(Data records)
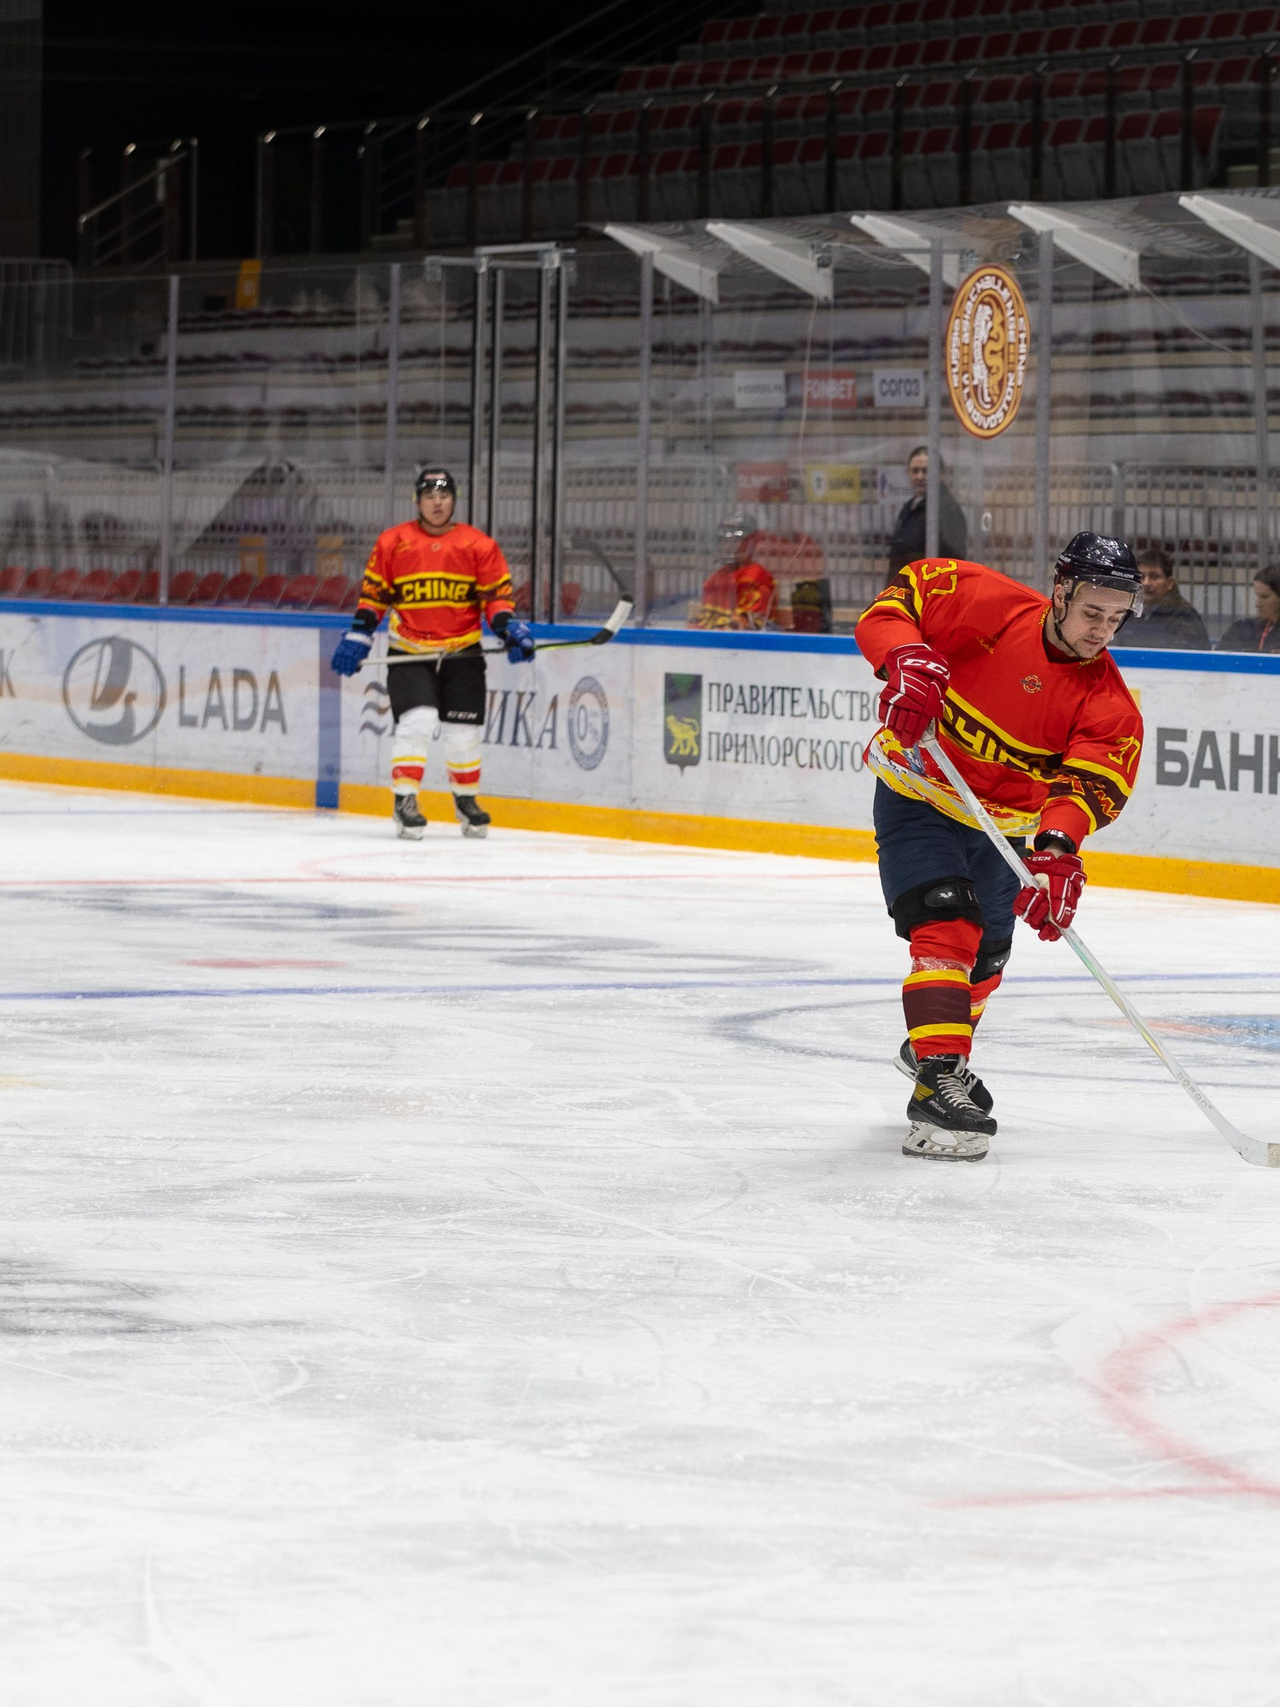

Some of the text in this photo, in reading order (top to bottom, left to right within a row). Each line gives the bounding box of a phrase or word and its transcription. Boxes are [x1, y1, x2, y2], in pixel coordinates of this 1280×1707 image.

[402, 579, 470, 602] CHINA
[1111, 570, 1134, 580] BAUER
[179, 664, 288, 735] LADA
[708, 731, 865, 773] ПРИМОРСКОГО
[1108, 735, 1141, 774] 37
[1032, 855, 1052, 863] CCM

## Your task
Repeat the data above exactly; images are not part of the copy.

## Final answer
Some of the text in this photo, in reading order (top to bottom, left to right within a row). Each line gives the bounding box of a phrase or word and its transcription. Boxes are [x1, y1, x2, y2], in pixel coordinates of this 1280×1707 image.

[402, 579, 470, 602] CHINA
[1111, 570, 1134, 580] BAUER
[179, 664, 288, 735] LADA
[708, 731, 865, 773] ПРИМОРСКОГО
[1108, 735, 1141, 774] 37
[1032, 855, 1052, 863] CCM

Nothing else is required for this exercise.